I was first introduced to Mill's essay On Liberty when, as an undergraduate at the University of Singapore, I attended Rusi Khan's lucid lectures. These lectures and Frank Cioffi's lively participation in the ensuing discussion gave me an abiding interest in the essay. Since then I have benefited from the commentaries of others even when I have disagreed with them. I would like to acknowledge in particular the works of John Rees, Alan Ryan, and Richard Wollheim. The Mill News Letter has been a source of very useful information. The splendid work done by John A Robson and his associates at the University of Toronto Press in the publication of the Collected Works of John Stuart Mill has been an enormous helLike many others working in the areas of moral, legal, and political philosophy, I am greatly indebted to, and have been influenced by, the writings of H. L. A. Hart. I have also learnt much from conversations and correspondence with him. In many hours of discussion with John Gray, I have been helped towards a better understanding of Mill's arguments. I have also profited from conversations with Alan Montefiore and Joseph Raz, J. W. N. Watkins read an early version of part of Chapter 8, and gave me helpful comments. I read a version of Chapter 4 to a seminar in Oxford conducted by John Gray, Alan Ryan, and W. L. Weinstein and gained much from their comments. I should also like to record my appreciation of the encouragement given to me by David Spitz whose untimely death has robbed us of a dedicated teacher and a champion of the Millian values of liberty and tolerance. Monash University granted me study leave in 1979 without which I would not have been able to complete this book. I am also grateful to Balliol College for extending to me the hospitality of its Senior Common Room while I was in Oxford. My wife and daughter had to put up with me more than usual when I was writing the book. [vii/viii]

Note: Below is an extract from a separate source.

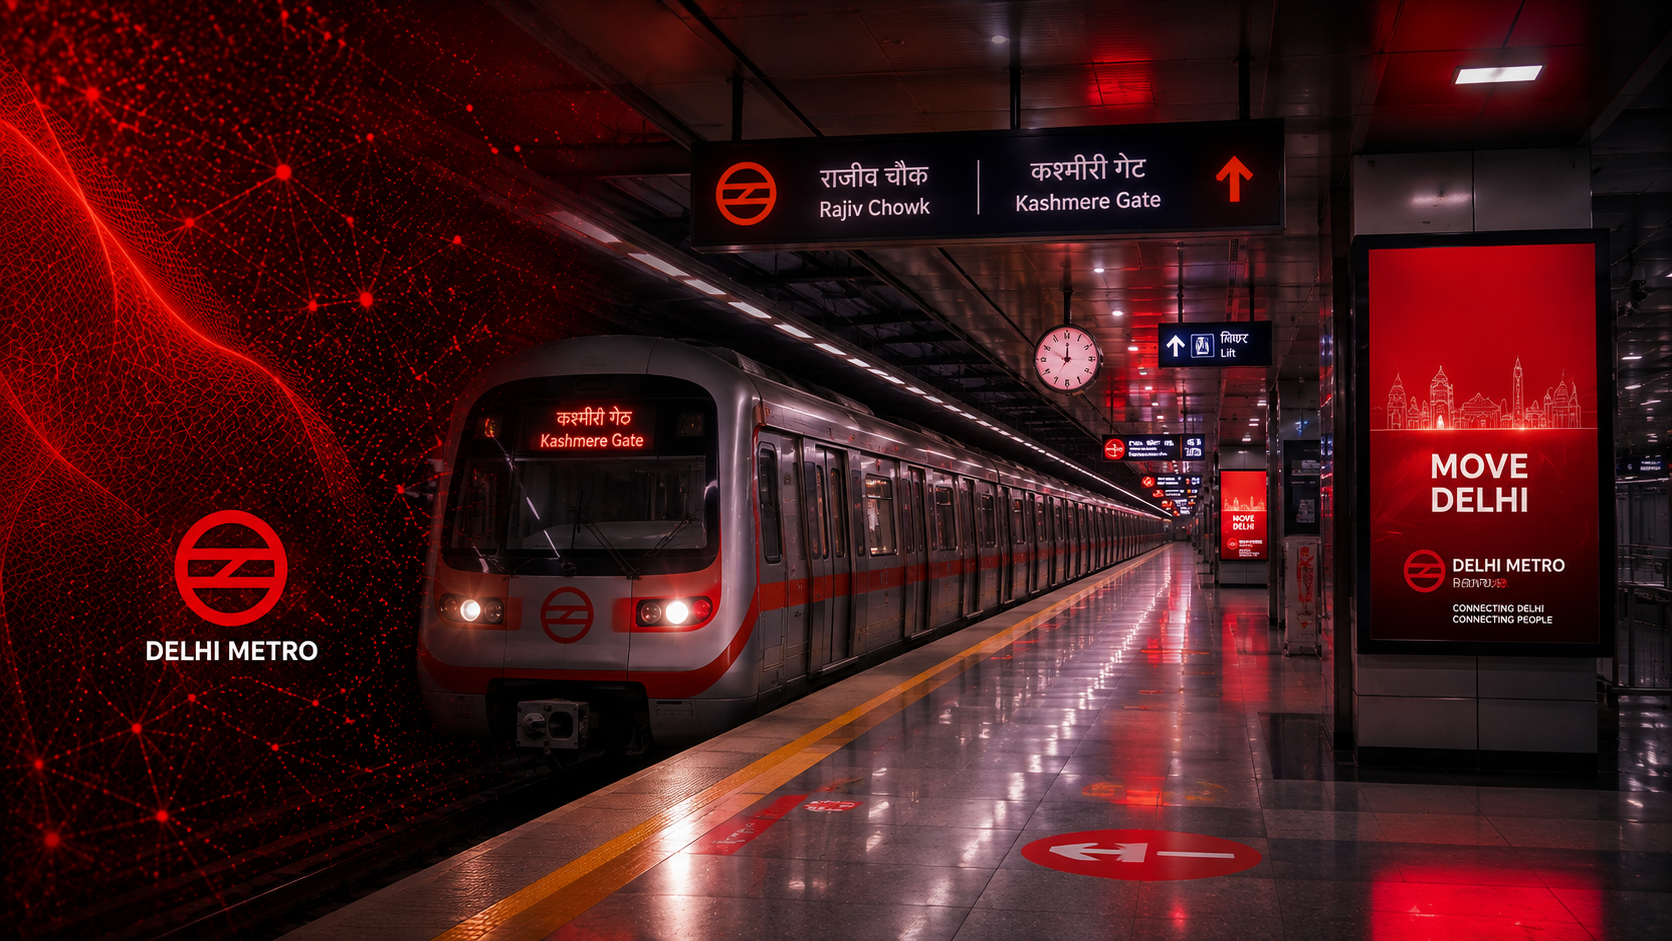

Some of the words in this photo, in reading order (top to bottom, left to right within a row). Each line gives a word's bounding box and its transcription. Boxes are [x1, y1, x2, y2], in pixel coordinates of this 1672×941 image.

I wish to thank the respective editors and publishers for permission to use material from the following papers of mine:

“Mill on Self-Regarding Conduct.” Philosophy, 1968.

“Mill and Liberty.” Journal of the History of Ideas, 1969.

“Crime and Immorality.” Modern Law Review, 1969.

“Paternalism and Morality.” Ratio, 1971.

"Mill”s Stable Society.” The Mill News Letter, 1971.

”Enforcing a Shared Morality.” Ethics, 1972.

”The Liberal Theory of the Open Society”, in Dante Germino and Klaus von Beyme (eds.), The Open Society in Theory and Practice. The Hague: Martinus Nijhofff, 1974).

Review of Gertrude Himmelfarb, On Liberty and Liberalism: The Case of John Stuart Mill, Political Theory, 1975.

“Utilitarianism and Self-Regarding Conduct.” Australasian Journal of Philosophy, 1977.

“Blasphemy and Obscenity.” British Journal of Law and Society, 1978.



Melbourne, February 1980.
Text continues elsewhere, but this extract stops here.